Why does water drain out of your nose hours after surfing?
After a recent shore break-y day at Blacks, water up the nose has been in my mind. You know the deal: a few hours after a session, you’re at work or leaning over to grab your keys, and suddenly a small ocean drains out of your face, to the shock and horror of non-surfers. The volume is honestly too much to explain sometimes.
Behind your face are four pairs of air-filled cavities called the paranasal sinuses: maxillary under each cheekbone, frontal above the eyebrows, ethmoid between the eyes, and sphenoid tucked deep behind the nose. Each is lined with mucus and tiny hairs called cilia that constantly sweep debris toward the throat. They connect to the nasal cavity through small openings called ostia, typically 1 to 4 mm wide, about the width of a wooden pencil tip.

The maxillary sinus is the biggest of the four, roughly walnut-sized, and its drainage ostium sits not at the bottom of the cavity but near the top of the medial wall. The official medical phrasing is “poorly positioned for free drainage.” The frontal sinus is the other troublemaker, with what the literature calls the most complex and variable drainage of any paranasal sinus, routing everything through a twisting frontonasal duct before it can reach the nose. Basically, the drains are on the ceiling for both of these.

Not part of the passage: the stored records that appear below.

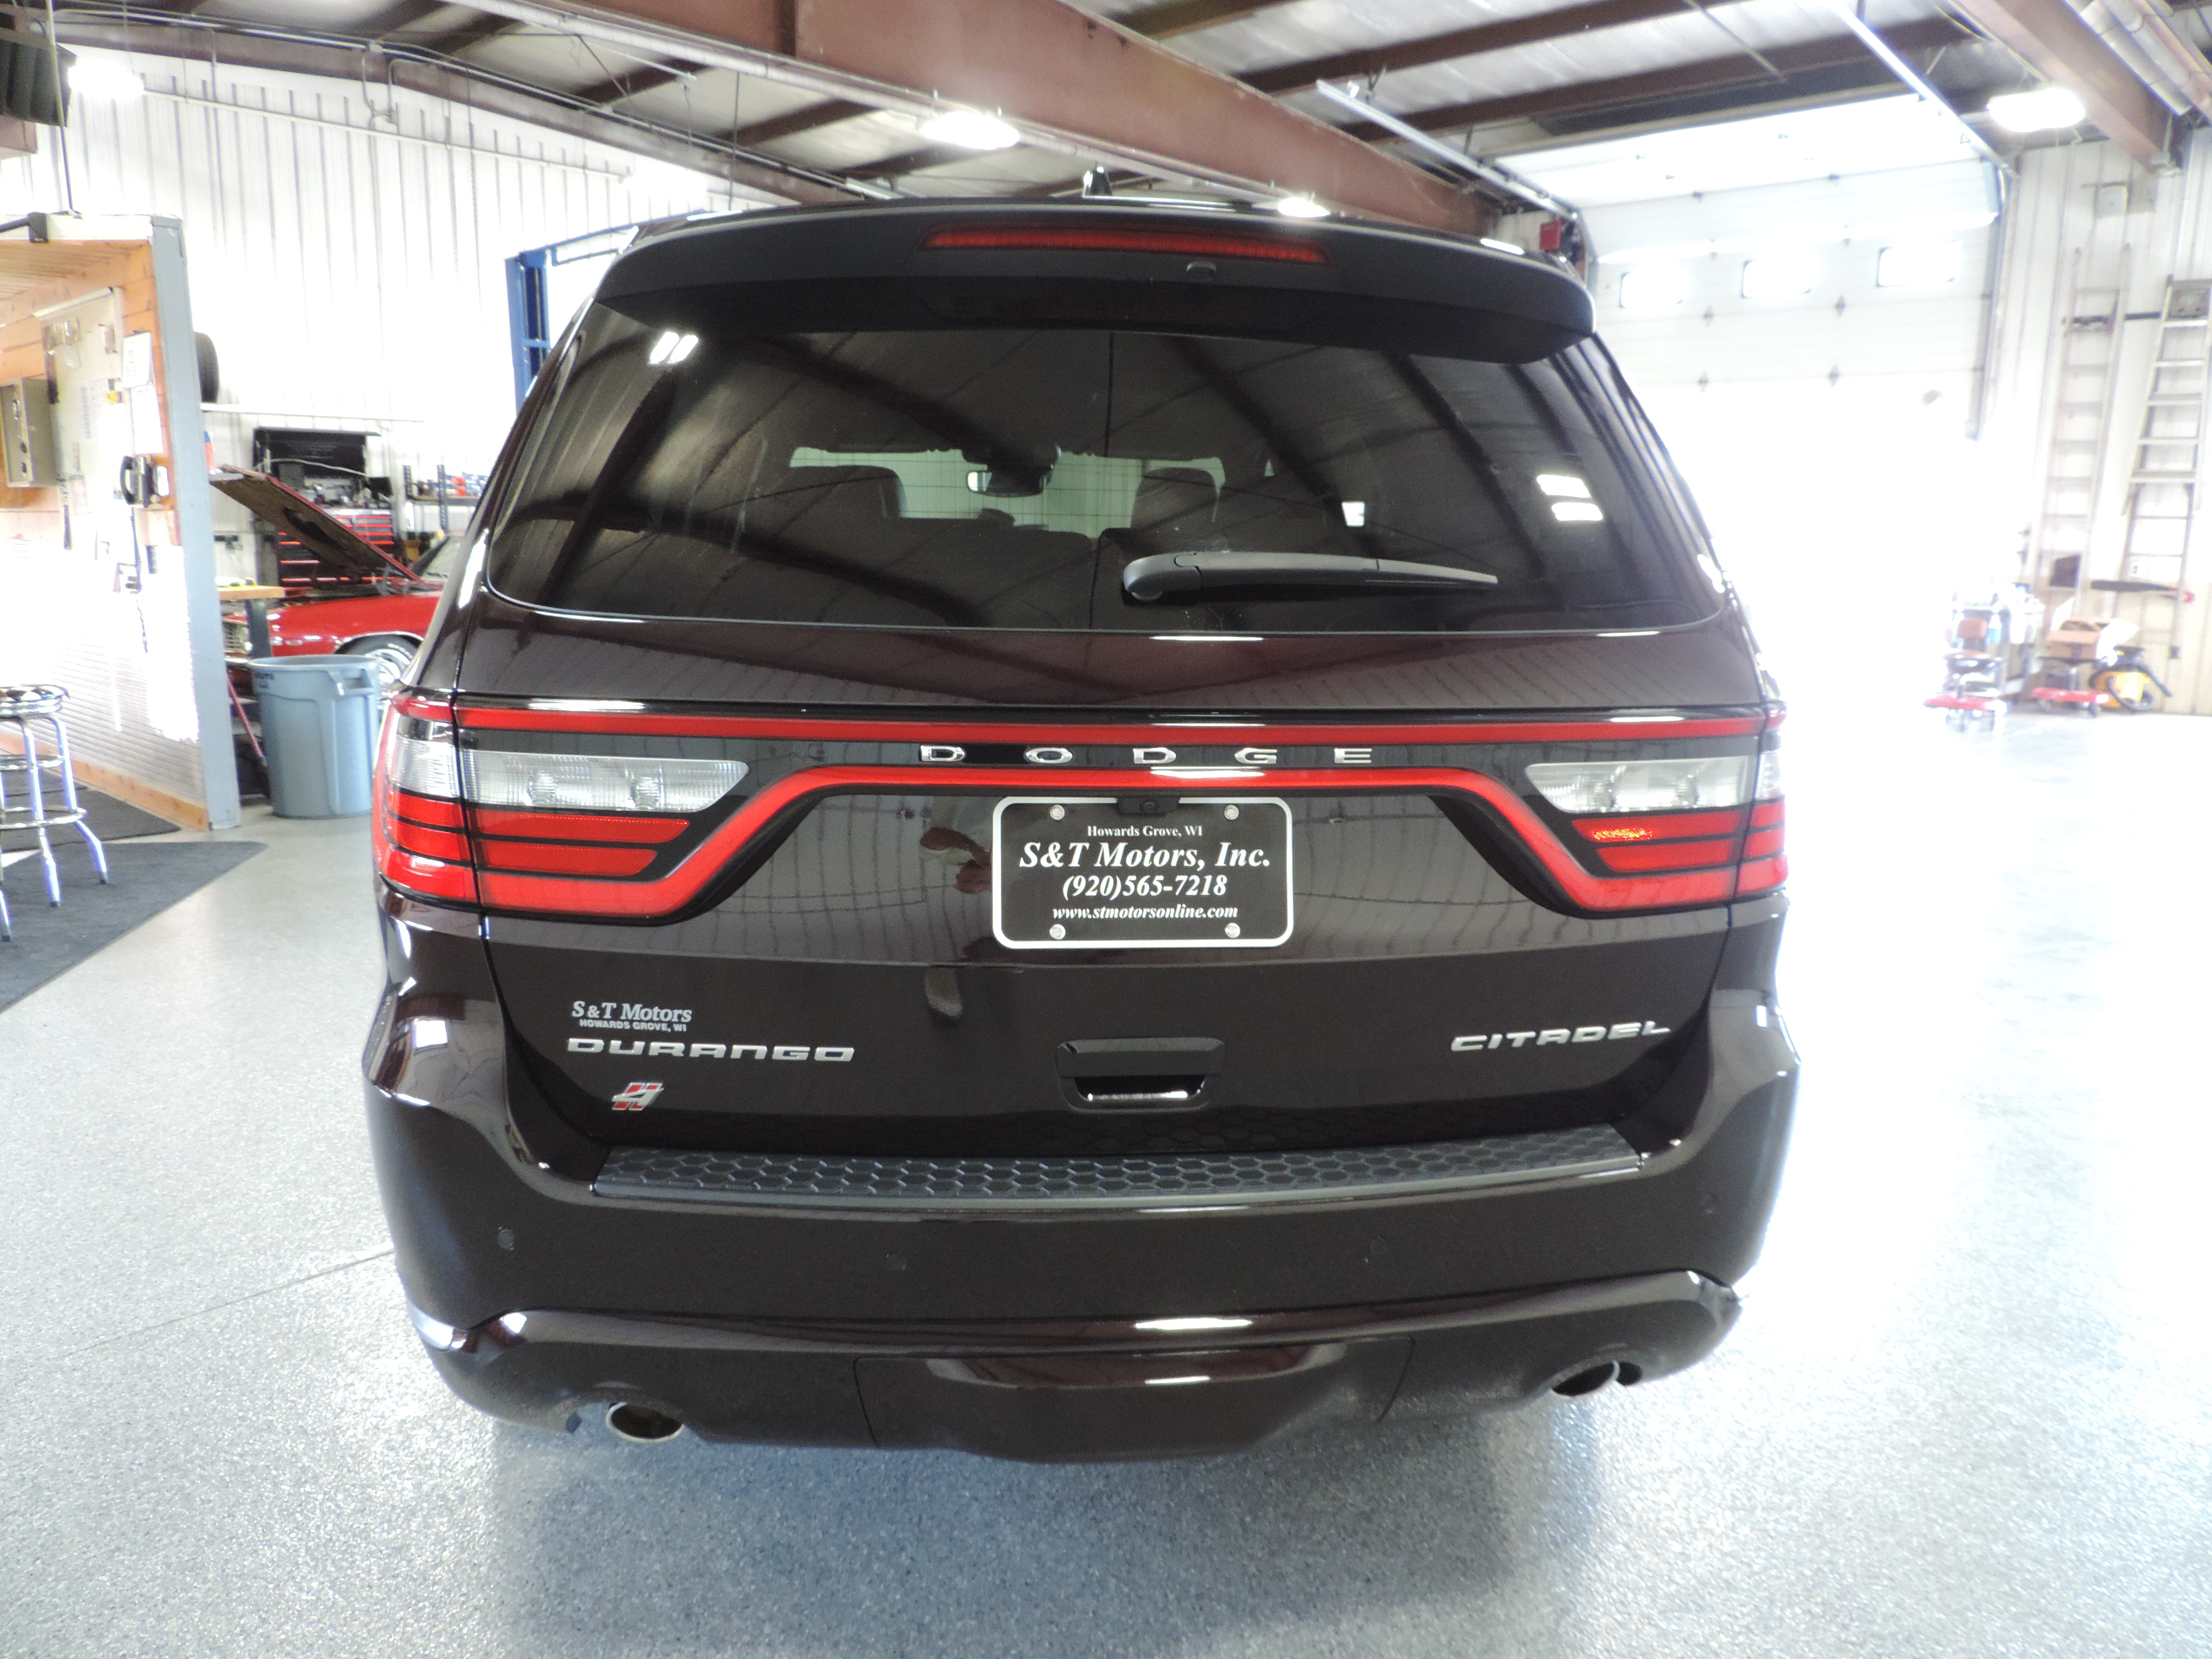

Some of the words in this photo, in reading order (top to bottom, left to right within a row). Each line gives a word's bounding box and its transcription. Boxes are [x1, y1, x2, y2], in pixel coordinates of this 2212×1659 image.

[919, 746, 1372, 764] DODGE
[1087, 825, 1140, 836] Howards
[1143, 825, 1182, 837] Grove,
[1185, 825, 1202, 836] WI
[1019, 842, 1090, 867] S&T
[1093, 842, 1205, 872] Motors,
[1214, 842, 1270, 867] Inc.
[1063, 875, 1228, 901] (920)565-7218
[1053, 904, 1238, 919] www.stmotorsonline.com
[620, 1003, 692, 1022] Motors
[579, 1019, 631, 1029] HOWARDS
[632, 1022, 671, 1032] GROVE,
[673, 1024, 687, 1032] WI
[1451, 1020, 1671, 1052] CITADEL
[567, 1038, 855, 1062] DURANGO

Physics is a pesky part of this problem as well. Water in a tube only a few millimeters across forms a concave meniscus, the molecules at the surface clinging to the walls and to each other strongly enough to support the column’s weight. The effect is called capillary action, and it’s the same mechanism that lets paper towels wick up spilled coffee against gravity. In your sinus ostia, it creates an air lock, preventing gravity from clearing the last close out.

At roughly 3.5% salinity, seawater is nearly four times saltier than the fluid in your tissues, hypertonic enough to pull water out of mucosal cells and stress the lining on contact. Cold makes this even worse, triggering vasodilation and a rush of mucus in the sinuses. The lining swells, narrowing the ostia further, sometimes closing them completely. The already small exit gets clamped down, and the water sits awaiting an awkward moment to emerge.
Eventually something tips the balance, often the first or second inversion of the day. Maybe you bend over to towel off your feet and the head angle finally beats the meniscus. Maybe the swelling subsides after an hour or two. Or maybe a sneeze creates enough pressure to break the seal on an unsuspecting guest. Around 35% of swimmers report nasal congestion after a session, and the timing of release is mostly unpredictable. The phenomenon is recognized enough that ENTs have a name for the chronic version, “swimmer’s sinusitis.”
Our sinuses evolved for breathing air, warming and humidifying it on the way to the lungs, with the mucus-and-cilia system handling the occasional bit of dust. Repeated head-first dunks in cold salt water came along later, and the design hasn’t caught up.